1.2 Con il secondo motivo si deduce la mancanza di motivazione in ordine alla destinazione, estranea agli scopi dell’impresa, impressa dall’imputato alle risorse sociali.
1.3 Con il terzo motivo si deduce la violazione ed erronea applicazione dell’articolo 2634 c.c., comma 3, in relazione all’affermata non applicabilita’ della sussistenza dei vantaggi compensantivi infragruppo.

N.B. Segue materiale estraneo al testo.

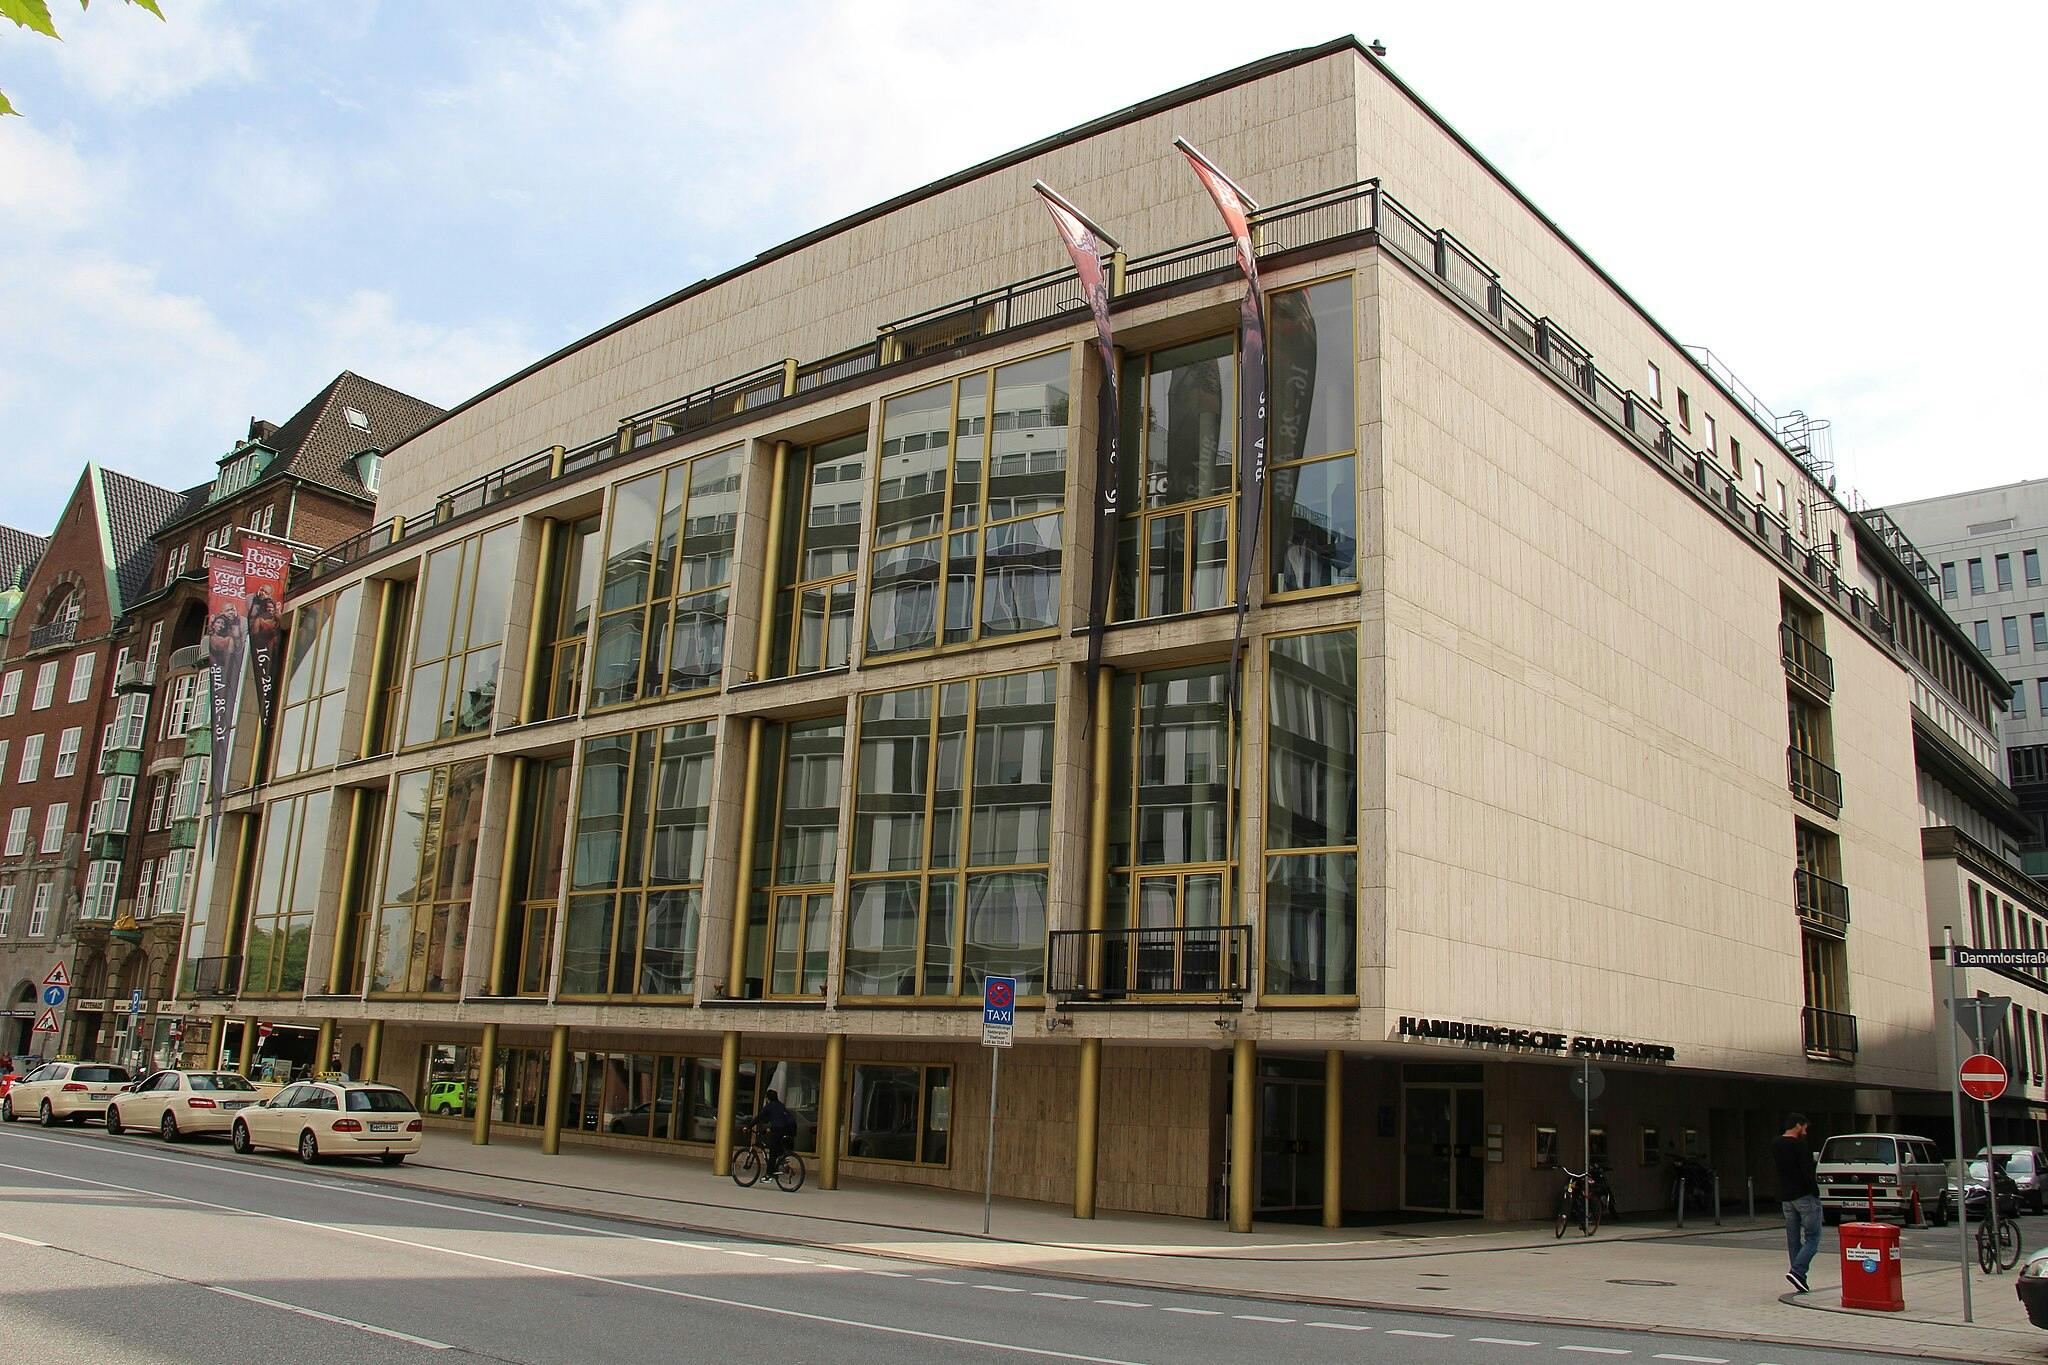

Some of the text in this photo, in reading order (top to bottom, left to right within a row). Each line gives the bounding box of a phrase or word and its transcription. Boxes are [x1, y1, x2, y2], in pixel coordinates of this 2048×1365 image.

Si osserva, anche sulla scorta della giurisprudenza di legittimita’, che – pur essendo condivisibile che la mera presenza di un gruppo societario non legittima, per se’ solo, qualsivoglia condotta di asservimento di una societa’ all’interesse delle altre societa’ del gruppo – tuttavia la motivazione impugnata si sarebbe limitata ad affermare la mancanza della prova dei predetti vantaggi compensativi laddove invece la complessa operazione posta in essere dalla societa’ capogruppo (OMISSIS), con i suoi prestigiosi partner stranieri, evidenziava invece l’intenzione di tale societa’ diretta al salvataggio di tutte le societa’ del gruppo e dunque anche della societa’ fallita, controllata dalla prima, e cio’ anche in considerazione, da un lato, della circostanza che la mancata emissione delle fatture da parte della societa’ fallenda non dimostrava affatto l’originaria intenzione di non esigere i crediti ventati nei confronti della capogruppo ma piuttosto l’intenzione di non generare un ulteriore credito erariale per l’Iva in mancanza della ricezione del corrispettivo della prestazione offerta e, dall’altro, del fatto che, comunque, il Decreto del Presidente della Repubblica n. 633 del 1972, articolo 6 consente la emissione della fattura anche al momento del pagamento del corrispettivo. Peraltro, osserva ulteriormente la difesa – sempre come dimostrazione della intenzione originaria dell’amministratore di riscotere i predetti crediti infragruppo – l’imputato aveva correttamente provveduto alla iscrizione in bilancio degli stessi, con cio’ sconfessando la diversa ed alternativa ricostruzione operata dai giudice del gravame. Conclude pertanto la difesa dell’imputato come, nel caso di specie, il vantaggio compensantivo per la societa’ controllata poi fallita si sarebbe concretizzato in realta’ nella sua stessa sopravvivenza, e cio’ anche in considerazione che il progetto tecnologico “shark” poteva essere commercializzato e veicolato all’estero solo attraverso l’iniziativa della societa’ capogruppo la cui esistenza sarebbe stata messa a repentaglio qualora la fallita avesse reclamato immediatamente il pagamento del corrispettivo pattuito.
1.4 Con il quarto motivo si censura la sentenza impugnata per violazione di legge in relazione sempre alla L. Fall., articoli 223 e 216 per la ritenuta sussistenza del dolo.